Browse Fellows


www Lives

Biographical entry Gibbs, Charles (1868 - 1943)

MRCS 20 July 1890; FRCS 11 May 1893; LRCP 1890.

18 April 1868
5 October 1943
Thames Ditton
General surgeon


Born in London on 18 April 1868 the second son of Thomas Gibbs merchant, and his wife, née Errington. He was educated at the City of Westminster School and in 1885 entered Charing Cross Hospital Medical School, with which he remained connected throughout his life. Gibbs' served for a time as chief of the team of prosectors, who prepared material for the practical examinations of the Royal College of Surgeons, and he always retained an active interest in the anatomical basis of surgery. He was appointed lecturer on clinical surgery and anatomy at Charing Cross Hospital, and was the last surgeon to combine the teaching of both subjects there. Gibbs served the medical school in various capacities, at first in charge of the anatomical department in succession to J Stanley N Boyd and Sir H F Waterhouse, later as vice-dean and finally as chairman of the committee. In the Hospital itself he was successively surgical registrar, assistant surgeon (1896), surgeon in charge of the venereal disease department, and surgeon; he retired in 1928 after a long period as senior surgeon, and was appointed consulting surgeon. He also served the Lock Hospital for more than forty-five years, having been appointed assistant surgeon in 1897 and surgeon in 1907, and was senior surgeon there at the time of his death.
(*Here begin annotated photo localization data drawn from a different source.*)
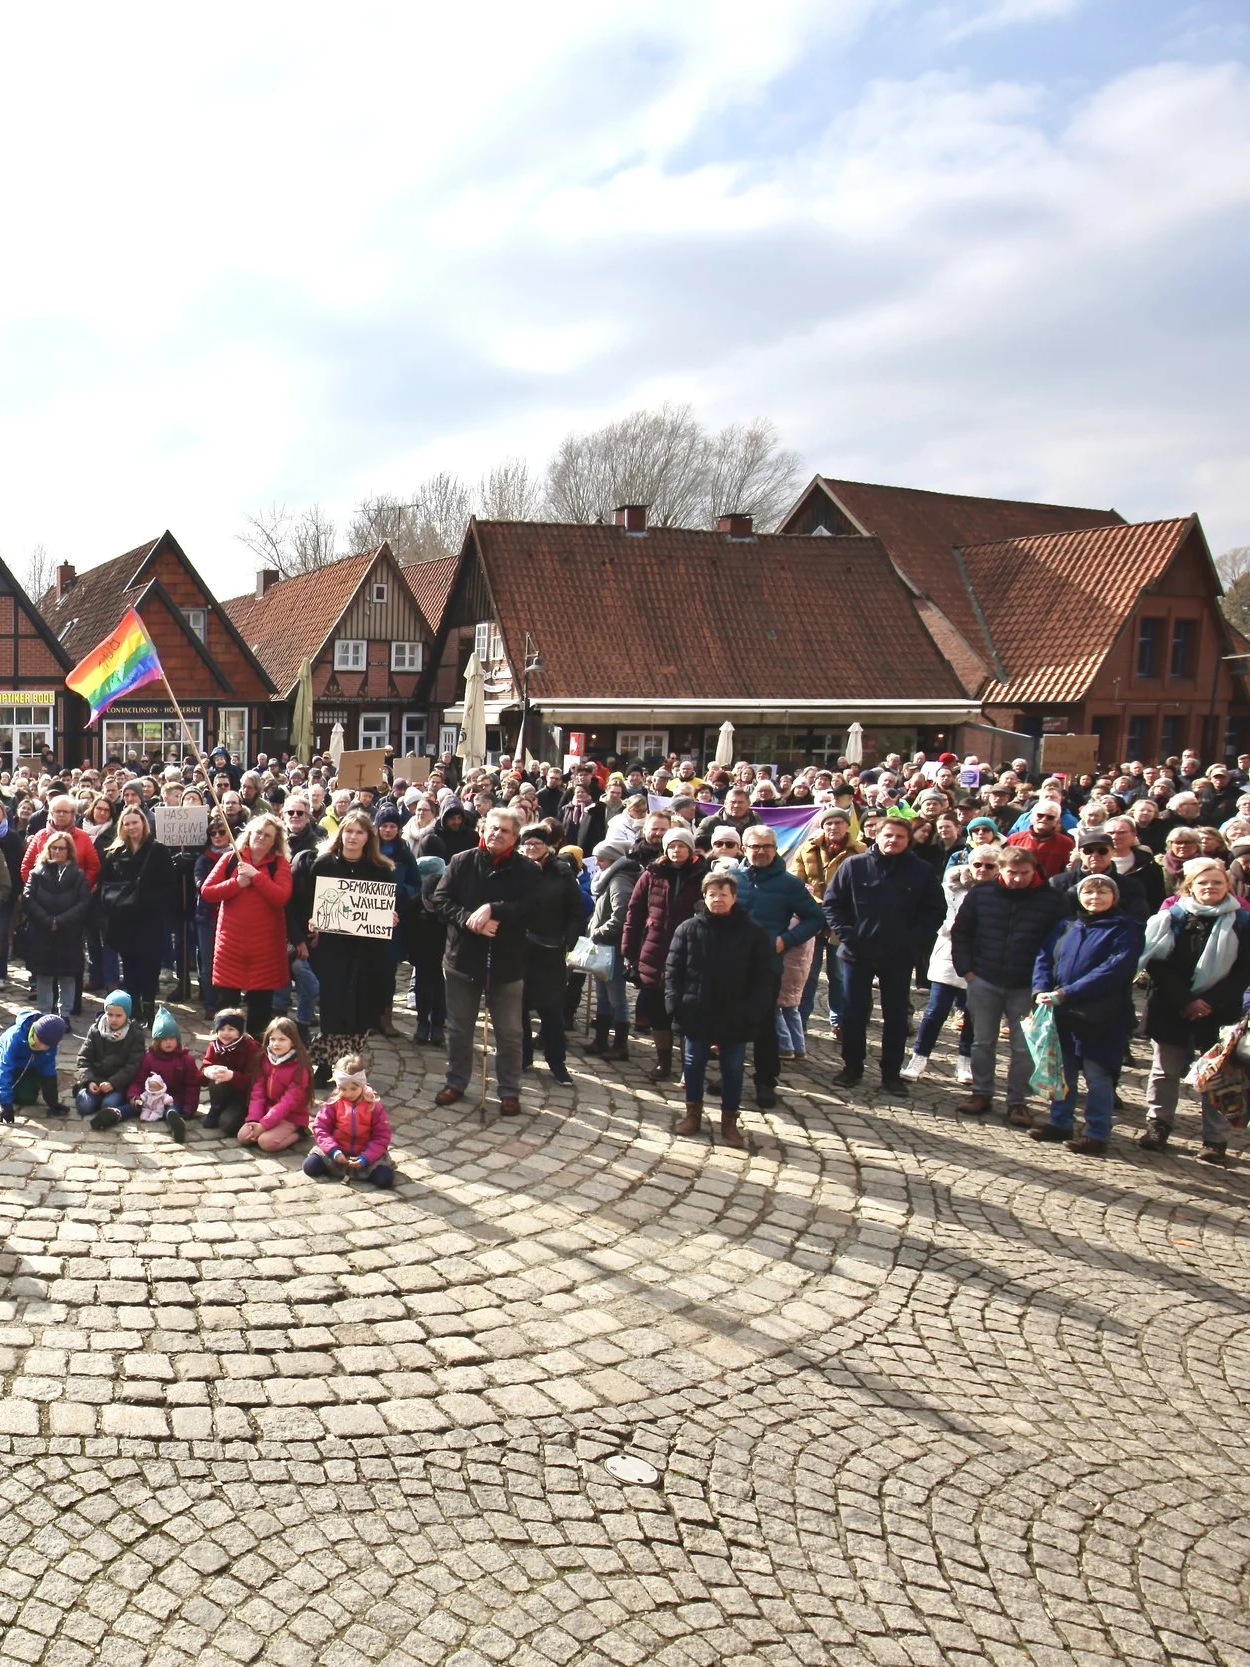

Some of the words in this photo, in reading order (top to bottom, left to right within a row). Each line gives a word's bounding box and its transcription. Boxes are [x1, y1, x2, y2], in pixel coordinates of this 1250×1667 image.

[33, 693, 54, 704] BODE
[106, 706, 158, 714] CONTACTLINSEN
[164, 809, 189, 820] HASS
[163, 823, 177, 833] IST
[178, 822, 205, 833] KEINE
[163, 834, 207, 845] MEINUNG
[350, 895, 395, 910] WÄHLEN
[352, 911, 368, 922] DU
[356, 923, 392, 937] MUSST
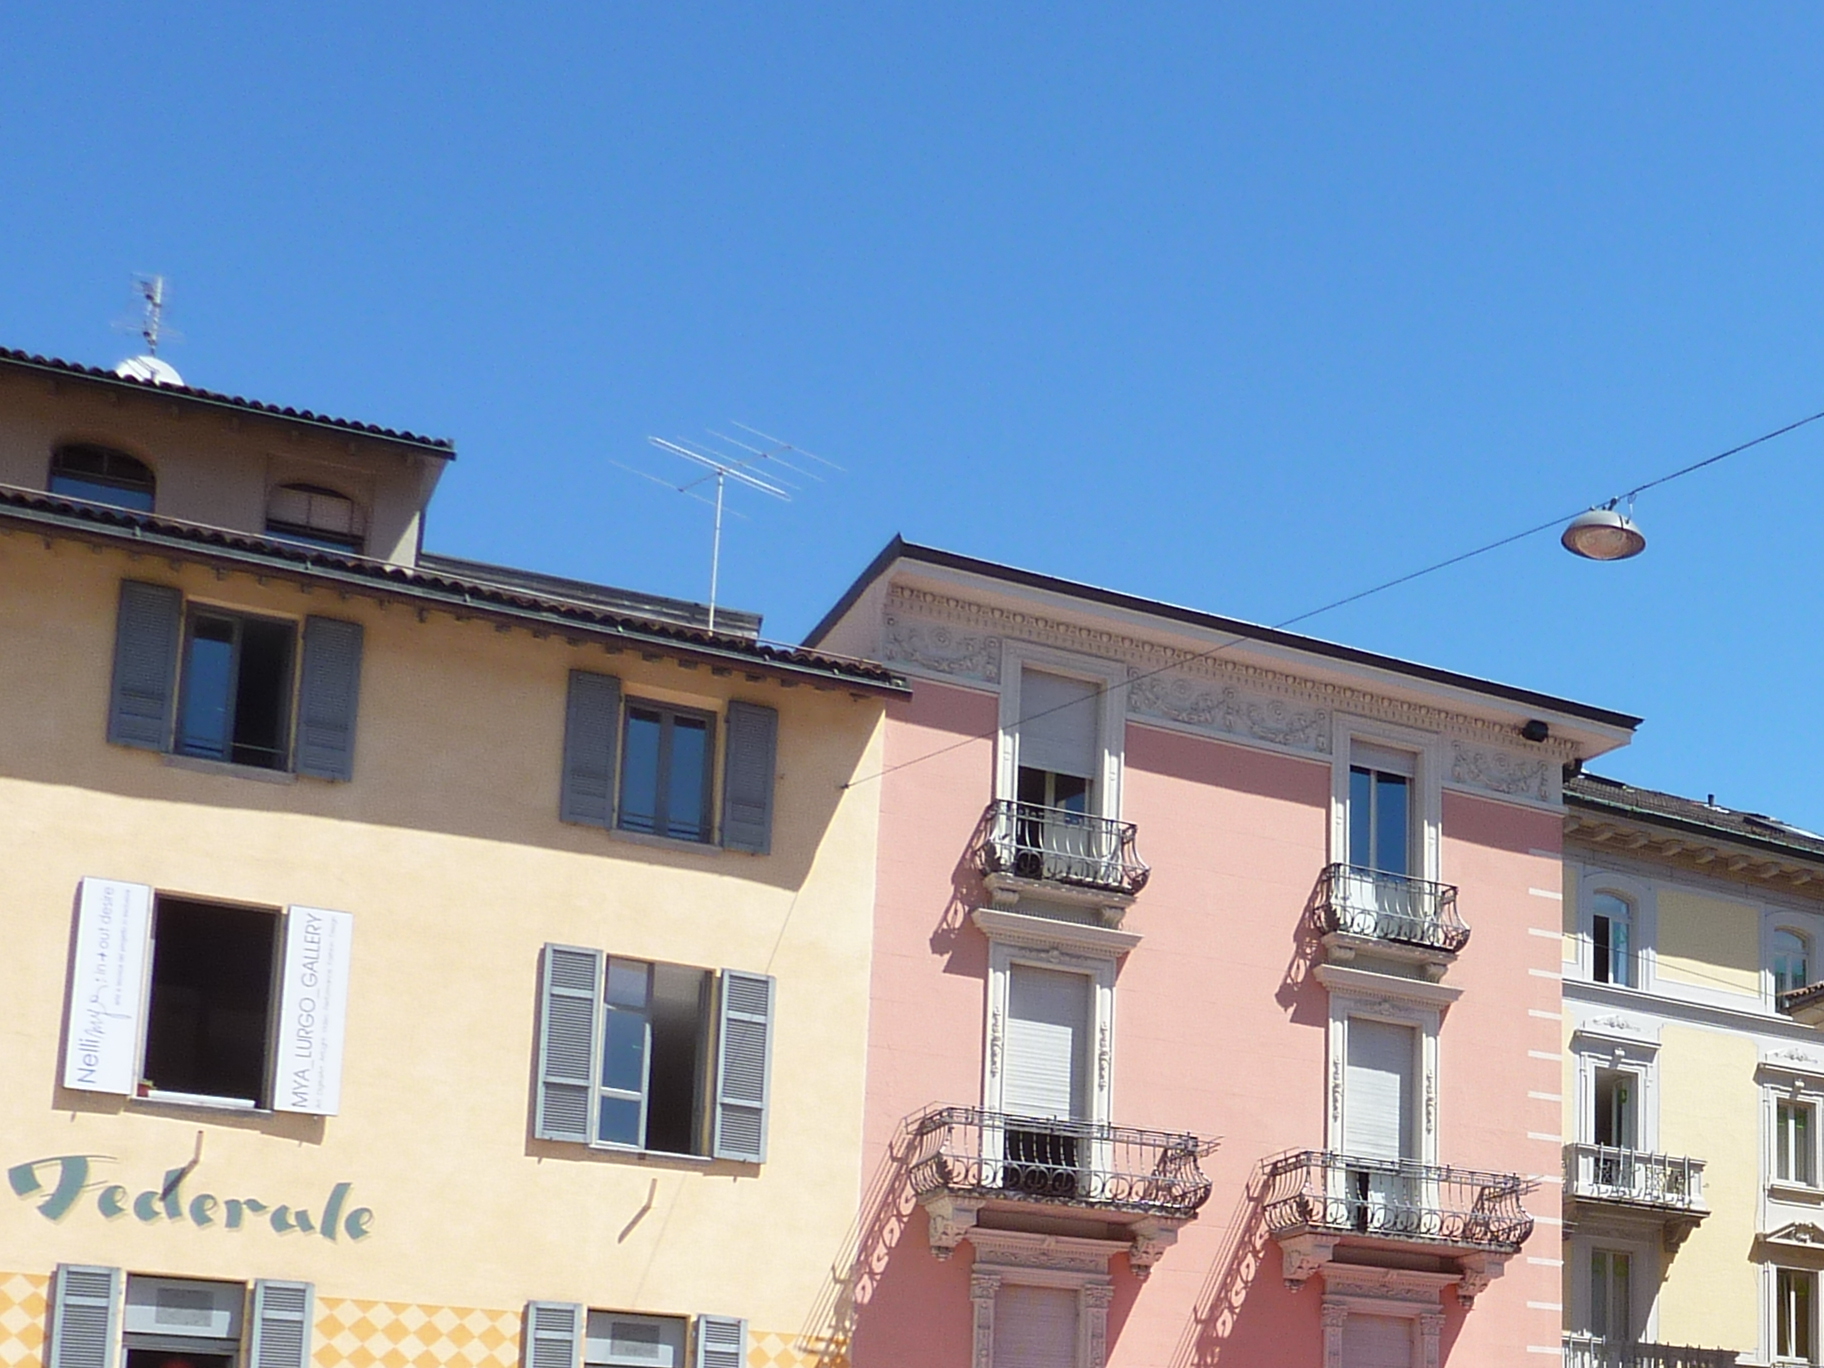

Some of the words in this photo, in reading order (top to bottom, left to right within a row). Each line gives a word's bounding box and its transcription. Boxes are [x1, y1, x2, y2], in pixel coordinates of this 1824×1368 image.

[98, 887, 115, 924] desire
[98, 927, 111, 949] out
[77, 1038, 101, 1084] Nelli
[8, 1155, 375, 1241] Federale
During the South African war Gibbs served as senior surgeon, with the rank of captain, in Langman's Hospital, having Sir Arthur Conan Doyle as his medical colleague. On the formation of the RAMC territorial Branch he was commissioned captain à la suite on 2 December 1908, and served during the first world war at the 4th London General Hospital, and was mentioned in despatches. Gibbs was chiefly interested in urological surgery and served as vice-president of the section of venereal diseases at the Newcastle meeting of the British Medical Association in 1921. Though endowed with marked manipulative dexterity he was not fond of operating. He was, however, a brilliant and humorous teacher with a caustic tongue; and a man of marked likes and dislikes, prepared to back his friends among colleagues or pupils with unswerving loyalty. He was a member of the Pewterers' Company from 1889, and Master in 1928.
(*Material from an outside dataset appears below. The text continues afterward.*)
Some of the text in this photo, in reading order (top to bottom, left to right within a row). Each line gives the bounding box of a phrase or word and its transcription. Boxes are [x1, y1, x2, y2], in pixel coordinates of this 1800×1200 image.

Gibbs married in 1900 Kate, daughter of H T Northcroft of Lancing. Mrs Gibbs died on 17 July 1940, leaving a son and a daughter. Gibbs died suddenly at Thames Ditton Cottage Hospital on 5 October 1943, aged 75. He had practised at 3 Upper Wimpole Street, and lived at Whiteoaks, Vincents Close, Esher, Surrey.
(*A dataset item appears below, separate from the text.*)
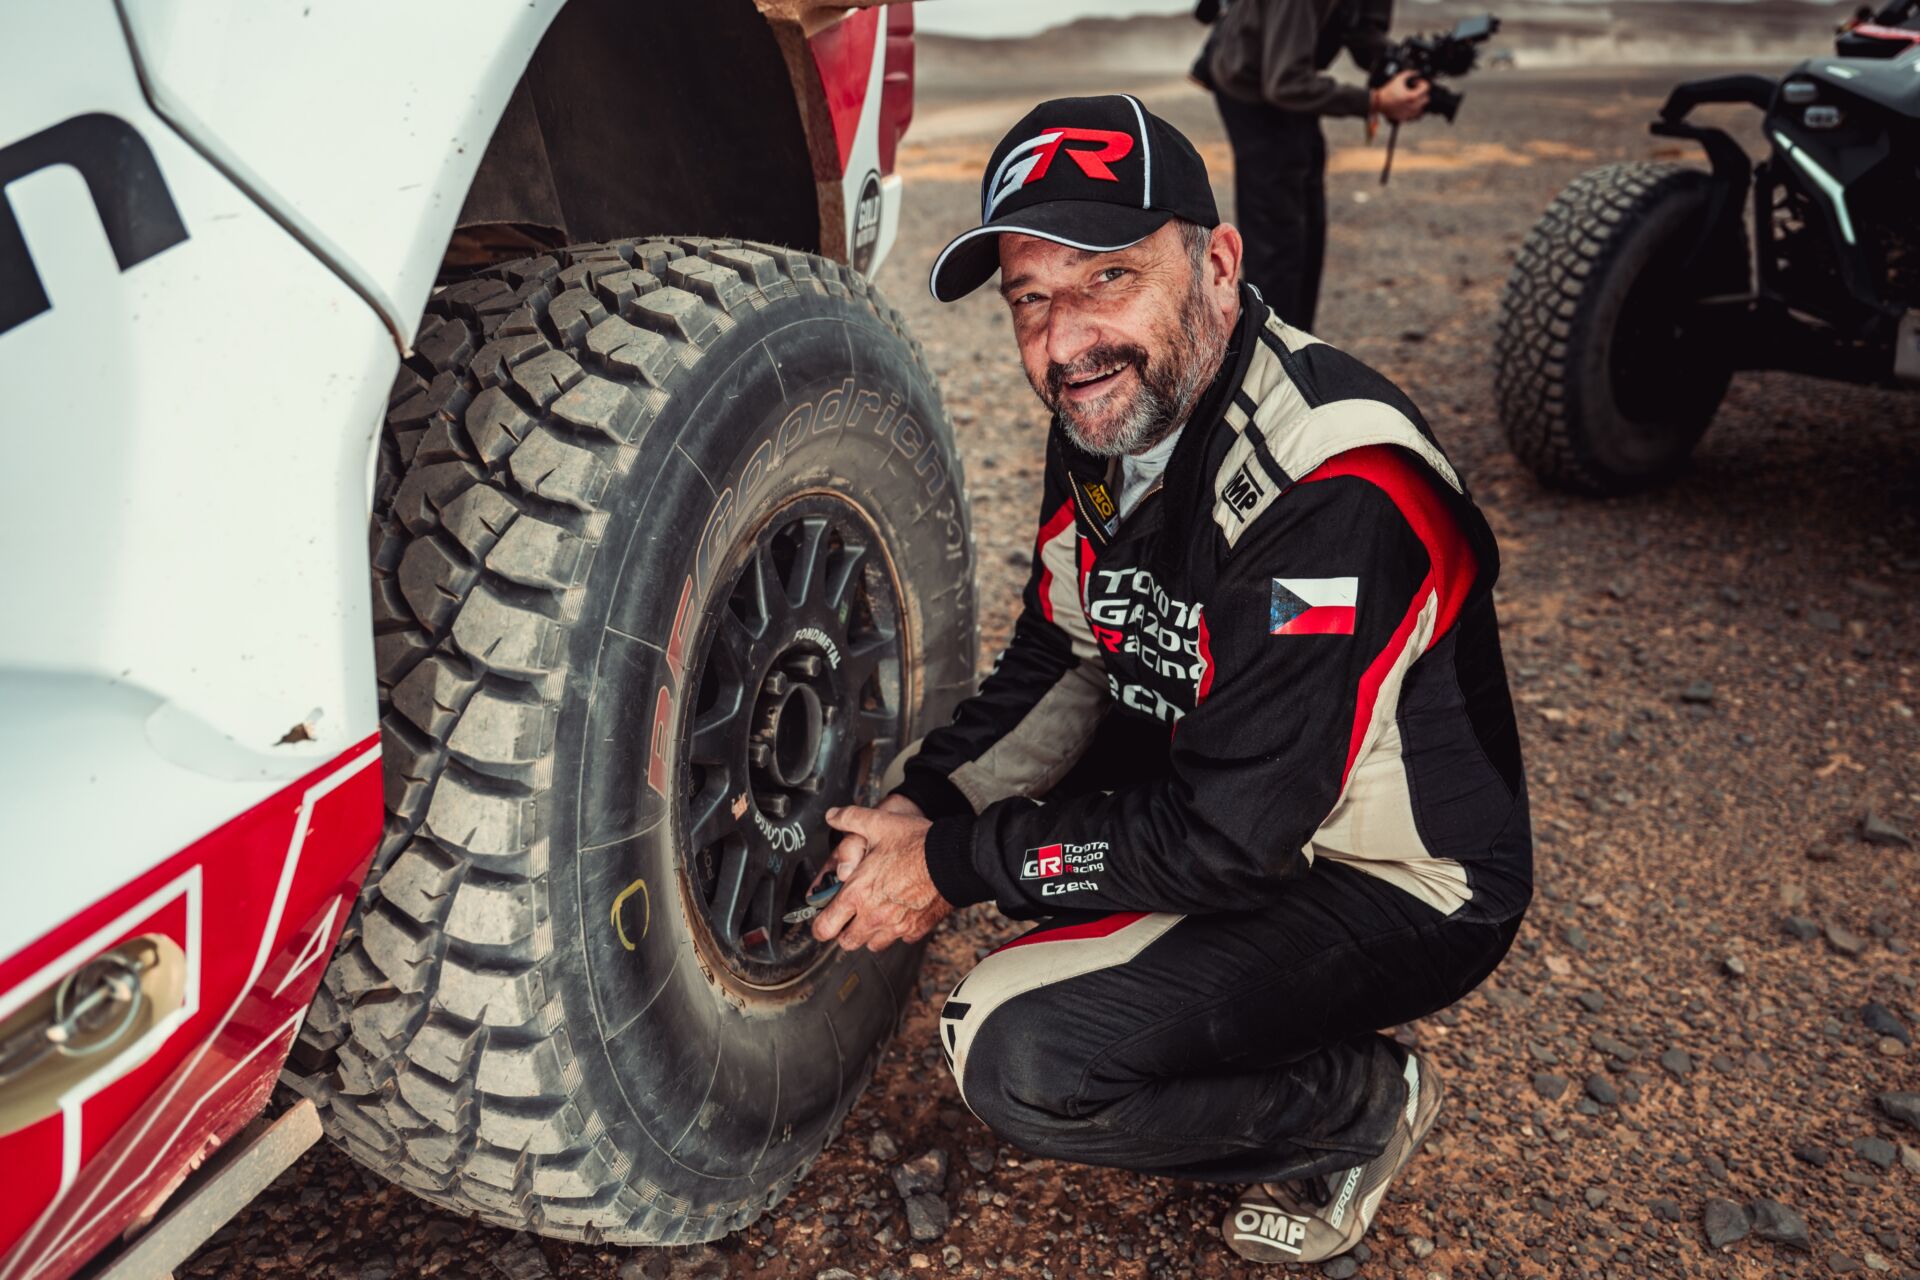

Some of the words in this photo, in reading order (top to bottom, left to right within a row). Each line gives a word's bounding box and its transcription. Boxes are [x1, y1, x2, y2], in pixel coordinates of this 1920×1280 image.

Diseases of the penis; Priapism; Sterility; Treatment of acute gonorrhoea, in Quain's Dictionary of medicine.
Clinical results of French and English substitutes for Salvarsan 606. Lancet, 1915, 1, 990.

Sources used to compile this entry: [Lancet, 1943, 2, 494; Brit med J 1943, 2, 529, with eulogy by J Johnston Abraham, CBE, DSO, FRCS; information given by his son, Lieutenant G C Gibbs, Royal Artillery].